Task requirements: Pictures aside, write out the data exactly as it reads.

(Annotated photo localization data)

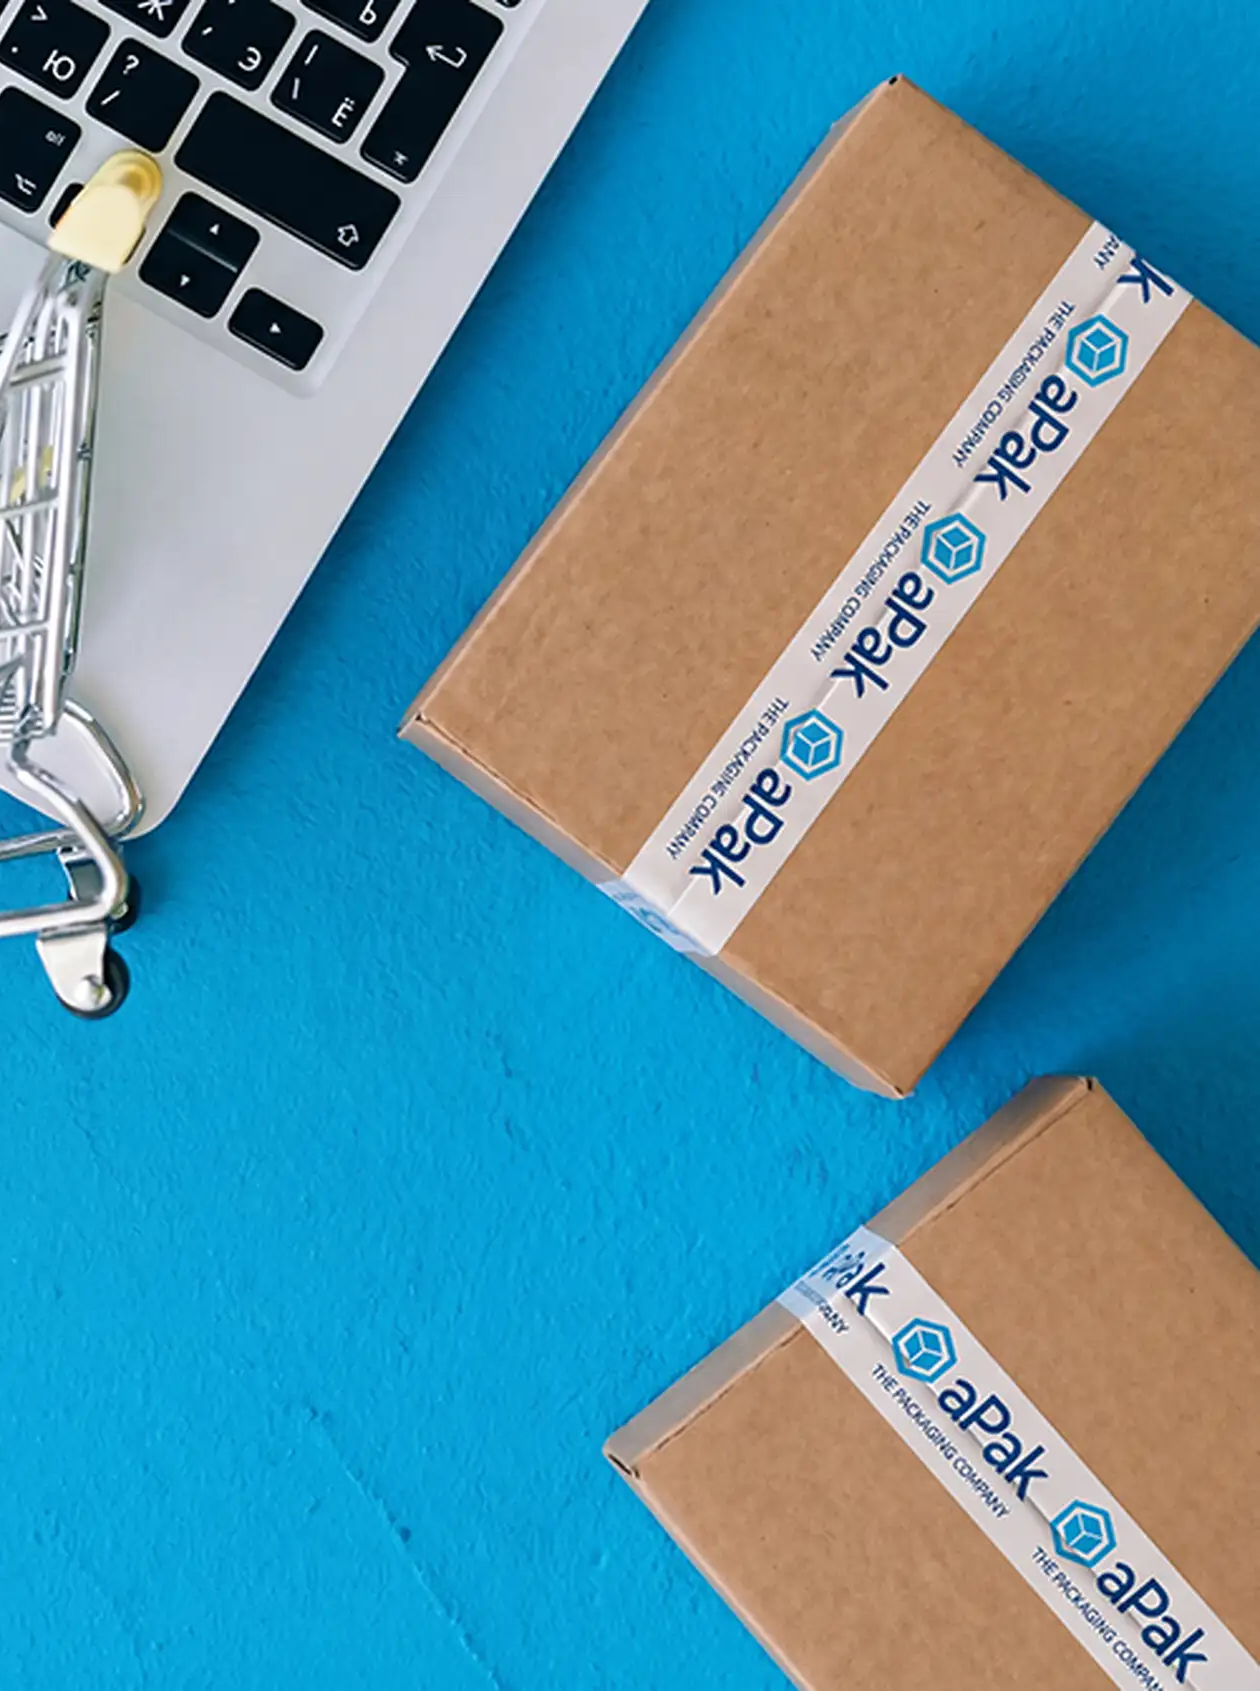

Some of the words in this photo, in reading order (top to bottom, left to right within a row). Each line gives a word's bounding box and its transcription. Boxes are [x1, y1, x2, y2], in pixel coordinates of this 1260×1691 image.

[41, 49, 76, 82] Ю
[1047, 300, 1076, 331] THE
[996, 327, 1056, 403] PACKAGING
[952, 397, 1004, 469] COMPANY
[974, 374, 1078, 500] aPak
[904, 500, 932, 531] THE
[853, 525, 912, 599] PACKAGING
[810, 596, 862, 662] COMPANY
[830, 571, 935, 699] aPak
[760, 697, 790, 726] THE
[710, 721, 769, 798] PACKAGING
[665, 794, 718, 861] COMPANY
[689, 767, 793, 896] aPak
[871, 1362, 899, 1393] THE
[891, 1387, 958, 1461] PACKAGING
[952, 1456, 1011, 1519] COMPANY
[937, 1378, 1049, 1502] aPak
[1032, 1545, 1059, 1577] THE
[1051, 1570, 1118, 1644] PACKAGING
[1096, 1561, 1208, 1685] aPak

Response to this exercise:
Some of the words in this photo, in reading order (top to bottom, left to right within a row). Each line gives a word's bounding box and its transcription. Boxes are [x1, y1, x2, y2], in pixel coordinates of this 1260×1691 image.

[41, 49, 76, 82] Ю
[1047, 300, 1076, 331] THE
[996, 327, 1056, 403] PACKAGING
[952, 397, 1004, 469] COMPANY
[974, 374, 1078, 500] aPak
[904, 500, 932, 531] THE
[853, 525, 912, 599] PACKAGING
[810, 596, 862, 662] COMPANY
[830, 571, 935, 699] aPak
[760, 697, 790, 726] THE
[710, 721, 769, 798] PACKAGING
[665, 794, 718, 861] COMPANY
[689, 767, 793, 896] aPak
[871, 1362, 899, 1393] THE
[891, 1387, 958, 1461] PACKAGING
[952, 1456, 1011, 1519] COMPANY
[937, 1378, 1049, 1502] aPak
[1032, 1545, 1059, 1577] THE
[1051, 1570, 1118, 1644] PACKAGING
[1096, 1561, 1208, 1685] aPak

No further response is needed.